Job searching can be one of the most daunting tasks we take on in our lives, waiting is the key of the game.
Thinking we might annoy the hiring manager or recruiter keeps us from following up or even sending a thank you note.
I have also heard that some job seekers don’t like to follow up because they don’t want to look “desperate”.
But the reality is that recruiters and hiring managers are super busy with their day to day, and see potentially hundreds of people in the span of q week.
It is hard to remember every single detail of interviews when you are the one interviewing.
This makes it even more difficult for you to stand out as a candidate.
Yes, it sounds like a “they problem” BUT if you want the job you have to go the extra mile, play the game a little bit by sending an impactful and memorable message as a tactic to follow up.
This post is all about how to effectively follow up after a job interview.
This is a guide on the biggest mistakes you should avoid and best practices when it comes to sending that “I just wanted to follow up on our conversation regarding position X” email.

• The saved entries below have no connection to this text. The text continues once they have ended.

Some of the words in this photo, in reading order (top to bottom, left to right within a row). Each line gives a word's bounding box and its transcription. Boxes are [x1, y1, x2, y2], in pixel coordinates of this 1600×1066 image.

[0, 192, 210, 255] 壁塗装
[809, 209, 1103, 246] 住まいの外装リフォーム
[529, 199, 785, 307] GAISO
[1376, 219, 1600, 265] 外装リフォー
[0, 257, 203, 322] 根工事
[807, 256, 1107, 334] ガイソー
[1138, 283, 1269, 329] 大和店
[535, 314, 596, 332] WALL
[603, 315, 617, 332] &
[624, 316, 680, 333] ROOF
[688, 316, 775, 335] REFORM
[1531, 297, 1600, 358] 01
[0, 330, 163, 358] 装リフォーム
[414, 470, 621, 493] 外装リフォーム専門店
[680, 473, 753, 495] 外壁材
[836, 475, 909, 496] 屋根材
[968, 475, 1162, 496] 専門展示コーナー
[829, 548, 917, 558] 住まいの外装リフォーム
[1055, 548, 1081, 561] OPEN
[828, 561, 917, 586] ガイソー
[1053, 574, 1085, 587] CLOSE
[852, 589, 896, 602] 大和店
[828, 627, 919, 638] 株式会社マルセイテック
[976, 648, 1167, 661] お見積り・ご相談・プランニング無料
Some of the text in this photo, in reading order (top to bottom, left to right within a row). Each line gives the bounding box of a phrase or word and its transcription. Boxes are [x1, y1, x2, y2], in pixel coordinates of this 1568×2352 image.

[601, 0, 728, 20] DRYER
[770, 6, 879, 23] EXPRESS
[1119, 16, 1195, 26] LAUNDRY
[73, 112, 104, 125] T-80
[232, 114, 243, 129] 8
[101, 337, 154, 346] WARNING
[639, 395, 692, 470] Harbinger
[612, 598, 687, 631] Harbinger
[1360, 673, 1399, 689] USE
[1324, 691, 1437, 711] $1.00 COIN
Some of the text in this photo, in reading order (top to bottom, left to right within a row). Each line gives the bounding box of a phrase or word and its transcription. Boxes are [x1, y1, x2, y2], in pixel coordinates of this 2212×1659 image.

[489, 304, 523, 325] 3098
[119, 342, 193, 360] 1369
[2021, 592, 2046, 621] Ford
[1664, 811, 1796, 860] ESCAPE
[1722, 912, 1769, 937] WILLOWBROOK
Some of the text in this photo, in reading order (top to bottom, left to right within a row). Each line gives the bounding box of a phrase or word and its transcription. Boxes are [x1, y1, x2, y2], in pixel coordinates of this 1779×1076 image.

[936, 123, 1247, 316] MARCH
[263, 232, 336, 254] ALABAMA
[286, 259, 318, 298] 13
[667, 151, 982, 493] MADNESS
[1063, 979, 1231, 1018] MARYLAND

It is extremely frustrating to interview for a role you are excited about and weeks have passed and you have not heard back.
This is not an indication you did not get it, it could mean many different things: the hiring team is not able to make a unanimous decision, they are on vacation and their schedules are not in line with finalizing the process.
It could also mean the hiring team still meeting all viable and qualified candidates, this can take longer than anticipated because it all depends on the schedule availability of multiple people.
The best way to keep top of mind is by following up with the team, reminding them why you are the candidate they want.
You can simply do this by always letting them know your key skills and expertise as it relates to the job description.
First things first, in order to stand out and make the follow up message worth your time and the hiring manager’s, it is important to avoid these major mistakes I see almost every day.
It is important to manage your expectations when it comes to emailing hiring managers and recruiters.
Farming your message in a way that is curious with a tone of friendly reminder AND not expecting a response tends to be more successful messages.
Instead of saying: “please respond with an approximate timeline” you can say “looking forward to having the opportunity of continuing in the process”.
I know it pisses people off having to dance around the bushes and some even say “why can’t I just be who I am”, instead of trying to be “polite”. I agree to some degree, but remember you have to play the game in order to beat the system and get the job.
SENDING LENGTHY EMAILS
Again, we are so busy and getting tons of emails, so it is important to be succinct and straight to the point of the note (which is simply reminding them of your interest and skills)
It is OK to attach your resume for reference, but try not attach a portfolio, cover letter, unless it was specifically requested.
The email should not be more than 3-5 paragraphs and each paragraph should contain no more than three sentences.
NOT PERSONALIZING IT
There are great templates online for thank you letters, however they have been overused and that makes them lose their uniqueness and touch.
I will share some samples BUT very genetic ones, because the point is to give you a reference point to get you started.
YOU should absolutely make it your own and what will make a thank you note successful is referencing something specifically talked about in the meeting.
I have done this with conversations I have had regarding the company’s values, a joke someone told, an article or book mentioned.
This is cool because it demonstrates that you were paying attention and have good active listening skills.
Now, on to what you should do to have your follow up note be successful
There are multiple ways to send a good follow up note and they are different stages.
The first one is usually a THANK YOU note right after the interview.
Some hiring managers really do not care if you send one or not.
BUT many recruiters I have spoken to and some polls I have done on LinkedIn indicate that the majority of the decision makers in the hiring process like to receive thank you notes.
They are not as common as you think, so when you send one it should be one to remember.
THE THANK YOU NOTE
The main characteristics for a successful thank you note are:
- Brief and friendly
- Make your interest for the role clear
- Add potential info you might have forgotten to mention on the interview
Hello [hiring manager OR recruiter],
Thank you for meeting with me today. After learning more about the [position title], I’m very excited for the opportunity to join your team and contribute [ increase revenue, bring innovative ideas for upcoming marketing campaigns, etc.] for [Company Name].
I am confident that with my X years of experience of working on [product development, copywriting, sales, marketing, etc.] would greatly benefit [Company Name].
Our discussion about [Challenge discussed] an idea came to mind. Has the [Marketing] team considered trying [process, tactic, etc]? I found it to be an effective process in my last role.
Please keep me posted on the status of the hiring process. I look forward to speaking with you soon.
The reason why this works is because it is short, very much tailor to remind the person who interviewed you who you are and why you should be considered for the position.
The key to successful follow up is to remain calm, curious but not pushy or desperate.
I certainly hope this post provided you with some insights on how to follow up after a job interview, and the importance of following up after an interview.
Let me know if you have any questions below.
This post was all about how to follow up after a job interview, and what thank you note to send after a job interview.